Summer is here, and so is our refreshed list of books to consider reading this year to upskill your product craft.

July 6, 2026/10 min read


What are we reading this summer? Glad you asked. Welcome to a round-up of Mind the Product’s best books for Product Builders as of June 2026. Our recommendations run the gamut from practical skills and day-to-day applications to org-level thinking, with a few select titles tackling AI and its role in today’s product landscape. Beach reads they are not, but if you’re determined to invest in yourself this summer, these will be a good place to start.

But, first, a word about the context of this recommendation list. It’s July 2026 and the Product Manager job as we know it is splitting, with hands-on Product Builders emerging from the traditionally broader remit of the role. Many teams are worried what they’re building won’t succeed. 

The job market is running on two speeds simultaneously: tech hiring is both recovering and contracting, depending on who you ask. One analysis calls 2026 the most optimistic year yet, with tech openings up 14% YoY. Meanwhile, big tech employers have cut nearly 120,000 positions since the start of 2026: Block's 4,000, Meta's more recent 8,000, Oracle's estimated 30,000. In parallel to all this, hiring for AI-adjacent roles is at an all-time high.

This reconfiguration of the industry calls for a reevaluation of what makes a great Product Builder: strategy and business acumen are the most critical skills for the next two to three years, not tools or frameworks. Meanwhile, an emerging skill is about to become highly prized by the end of 2026: designing products that will be evaluated by an AI before they ever encounter their first human user. Search, recommendations, comparisons, and buying guidance now happen through AI-mediated answers, and PMs must step up to meet this new challenge.

For these reasons, we felt the need for a new book recommendations list, just six months after our last one. Our winter and summer curricula are different from each other, but combine to give you the most up-to-date takes on the product landscape and the skills you need to succeed in it.

Building & shipping products that matter

Just because product is evolving it doesn’t mean that the fundamental truths change. We invite you to see these first recommendations as updated basics. These books deal directly with the craft of product work—strategy, discovery, shipping, and making things people love. That will never go out of style, no matter how the industry changes.

A practical system for linking strategy, OKRs, and discovery so that product teams stop going through the motions and start seeing outcomes, Real Progress introduces practical frameworks that are ready to use. While not exactly reinventing the wheel, this is an updated guide to good product work, and its advice holds true despite the changing landscape. 

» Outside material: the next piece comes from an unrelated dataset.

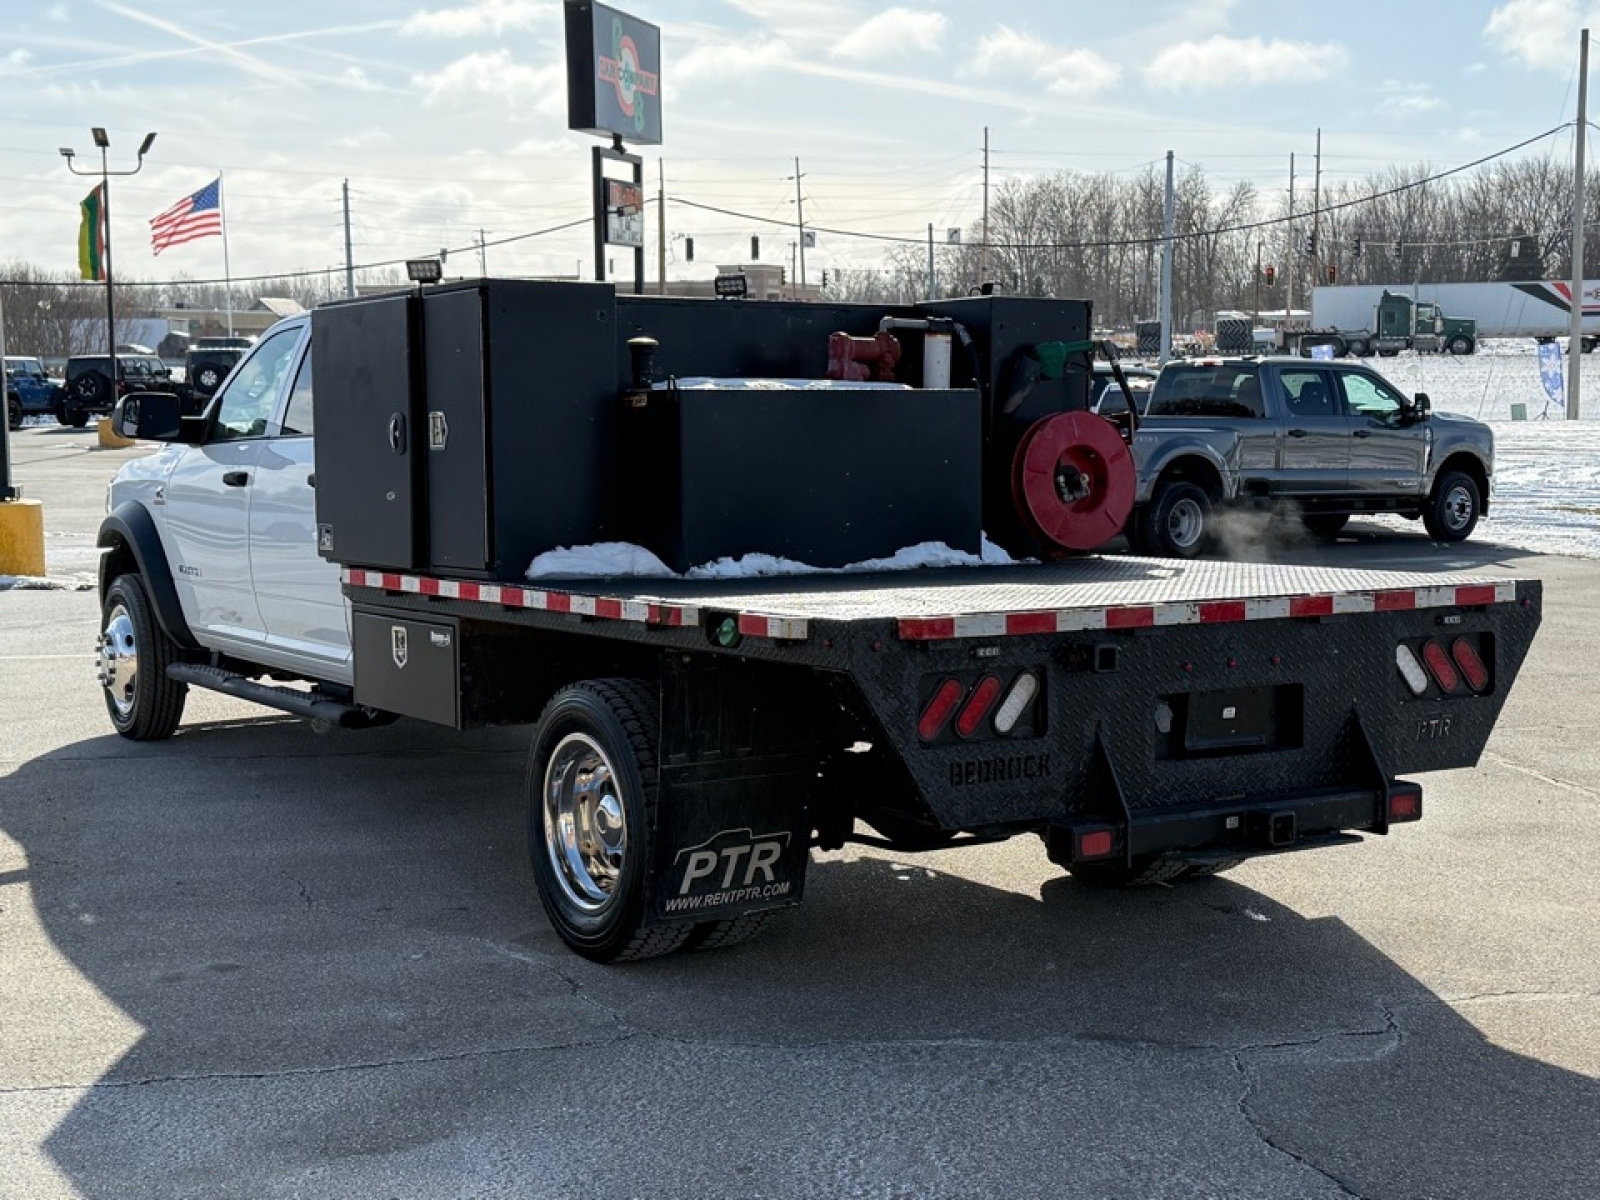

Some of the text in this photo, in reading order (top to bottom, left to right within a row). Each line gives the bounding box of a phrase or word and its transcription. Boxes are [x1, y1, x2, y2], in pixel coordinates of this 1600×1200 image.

Product teams can no longer afford to be disconnected from the business impact of their work. LeMay provides reality-tested guidance for doing the work that matters most to your business, with a direct line from team activity to company outcomes. 

We had the pleasure of interviewing him on our podcast, The Product Experience, and digging into the driving ideas behind the book. Listen here if you haven’t already. 

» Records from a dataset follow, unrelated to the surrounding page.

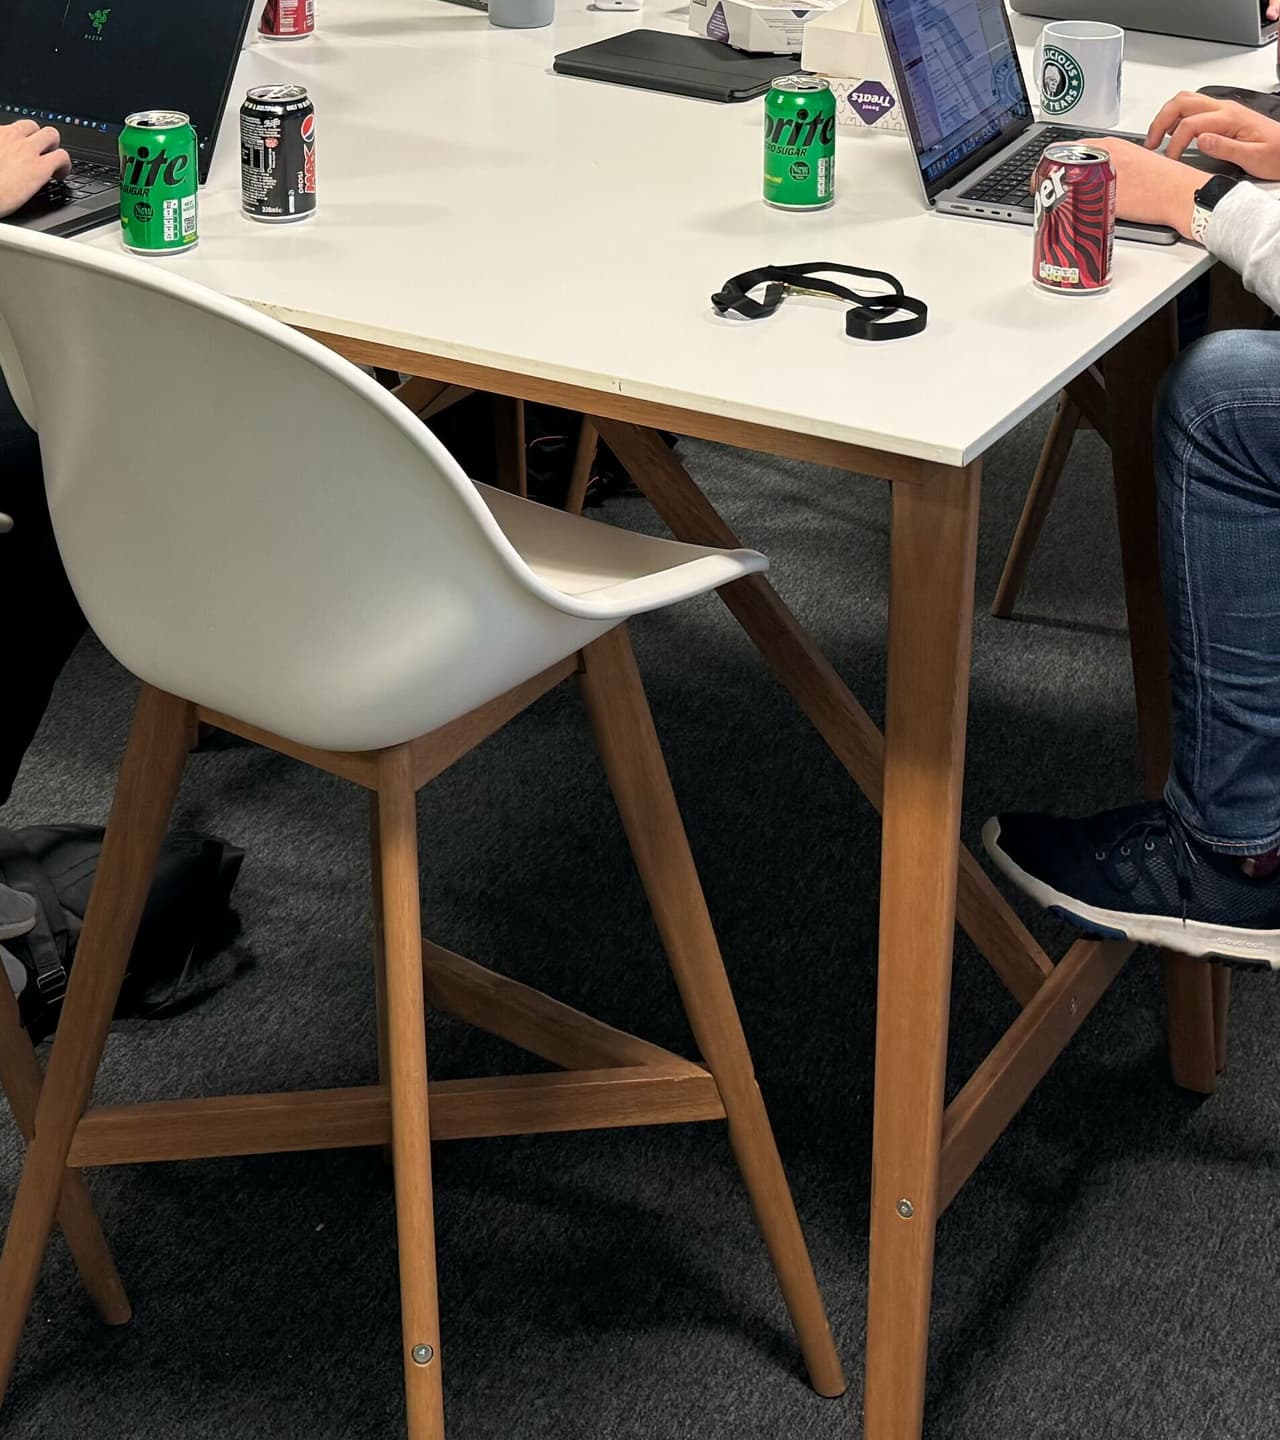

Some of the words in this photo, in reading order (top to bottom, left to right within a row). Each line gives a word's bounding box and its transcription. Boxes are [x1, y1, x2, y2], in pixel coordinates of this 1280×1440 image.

[1043, 49, 1078, 77] LICIOUS
[851, 92, 891, 107] Treats
[1050, 89, 1078, 110] TEARS
[776, 146, 807, 157] SUGAR
[120, 146, 189, 186] rite
[123, 185, 150, 197] SUGAR

A four-step framework for designing emotionally resonant products, Dr. Changuel’s book argues that in a crowded market, functional reliability alone no longer differentiates. 

If you want to listen to her explain it live at #mtpcon 2025, tune in here or read our summary.

Pincus’s guiding principle is that “all new fails”, meaning that the most successful products introduce only one breakthrough innovation while the rest is based on familiar foundations and customer habits. This is his framework for moving faster and massively increasing your odds of success, built from founding Zynga and launching eight hit games to over a billion users. 

A bit out of left field, this is a poker champion's framework for better decision-making under uncertainty. Especially at this juncture in the industry, we believe it’s an essential read for any Product Builder who needs to make defensible calls with incomplete information.

AI in Practice

Maybe you’re tired of reading about AI all day every day: AI features, AI layoffs, agentic flows. We get it. These books won’t ease your AI fatigue, but they can help you skill up so you can meet the industry at its current level. Here are your essential reads on what AI actually means for building products, running teams, and the future of both agentic and human users.

Dr. Marily Nika is a regular on our reading lists. After the success of The AI Product Playbook, written in collaboration with Diego Granados, which we recommended in 2025, she’s now released a practical guide to AI and GenAI product management. This covers frameworks, strategy, and real-world examples from Google and Meta across the full AI product lifecycle.

Another Mind the Product reading list staple, this is a grounded, practical take on how individuals and teams can work with AI as a coworker rather than around it. It covers when to trust it, when not to, and how to develop judgment about its outputs.

For a deep dive, you can also watch Mollick’s Pendomonium talk on embracing the AI revolution.

O’Reilly’s guide offers a leadership operating system for the AI era, which includes how to redesign the way you sense, frame, decide, and act by combining human and machine intelligence. 

As a companion piece, you can listen to this Product Experience episode where he talks about how AI should sharpen judgment instead of adding noise and what to do if you feel behind on AI adoption.

This is a bit of a change of pace, but an important read nonetheless. Dealing with the questions of governance and values that teams building AI products will increasingly need to answer, this book presents an actionable vision for ensuring AI strengthens democracy, ethics, and human dignity rather than concentrating power in the hands of a few.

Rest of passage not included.